Controversial Plan Would Give Condoms To Convicts

A controversial proposal to stop the spread of HIV is about to take center stage in Texas.

On Monday, state lawmakers will take a look at a Houston lawmaker's plan to offer condoms to all state prison inmates.

Would it help stop the spread of AIDS, or encourage illegal activity inside prison walls? For every 50 people incarcerated in a state prison, one of them is known to be infected with HIV. And in the last year-and-a-half, the state said of the people released from state custody, about 1,700, have tested HIV positive.

What happens when those people leave prison is what has state Rep.Garnet Coleman concerned.

"We know that there is sexual contact in prison, and we have to stop the transmission of the disease because it comes back out into the community," Rep. Coleman said.

So Rep. Coleman said to cut back on the transmission of HIV inside prison walls, nonprofit agencies should be allowed to distribute condoms to inmates. To encourage safe sex, and keep prisoners who will eventually be released, from being infected in the first place.

"There's got to be some reason for the spread of AIDS among women of color, and it's been traced back to prisons," Rep. Coleman said. "The fact that people go into prison without AIDS and come out of prison with AIDS."

Officially, the Texas Department of Criminal Justice said it knows of only one person who was infected with HIV while in state custody. But the state only tests inmates when they are released -- not when they enter the system.

But Georgia tests inmates when they enter prison -- the Centers for Disease Control found that in seven years, 88 prisoners contracted HIV while in custody.
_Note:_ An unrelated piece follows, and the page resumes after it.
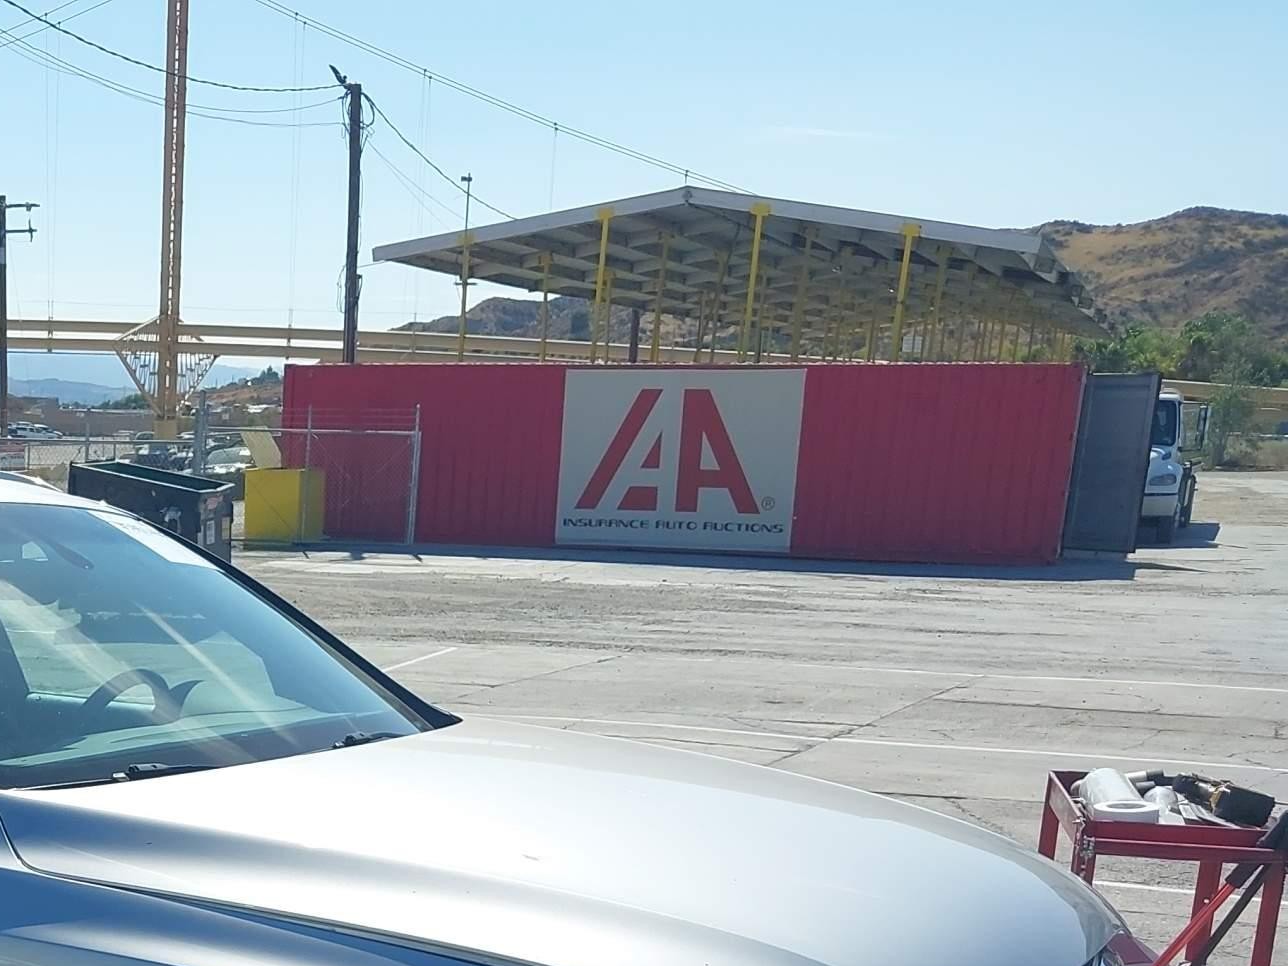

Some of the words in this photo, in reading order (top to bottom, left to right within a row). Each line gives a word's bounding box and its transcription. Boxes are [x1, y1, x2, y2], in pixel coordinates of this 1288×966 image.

But even if condoms were offered in prison - would inmates use them? Last fall, California Gov. Arnold Schwarzenegger vetoed a bill just like the one being considered in Texas. The California Peace Officers Association said condoms presented a security threat.

And the influential Center for Moral Clarity opposed the idea, arguing, "To distribute condoms in a prison assumes that homosexual sex will occur. It's virtually admitting that prison officials can't or won't enforce the law."

Sexual intercourse is illegal in Texas prisons. But with one in every 50 inmates known to have HIV - the state is asking - what happens when those people get out.

Texas Department of Criminal Justice along with Houston's AIDS Foundation do offer an inmate-education program called "Wall Talk," to teach inmates about the dangers of HIV and how to prevent infection. In Austin on Monday, lawmakers will hold a public hearing on whether giving condoms to inmates might help that process or send the wrong message.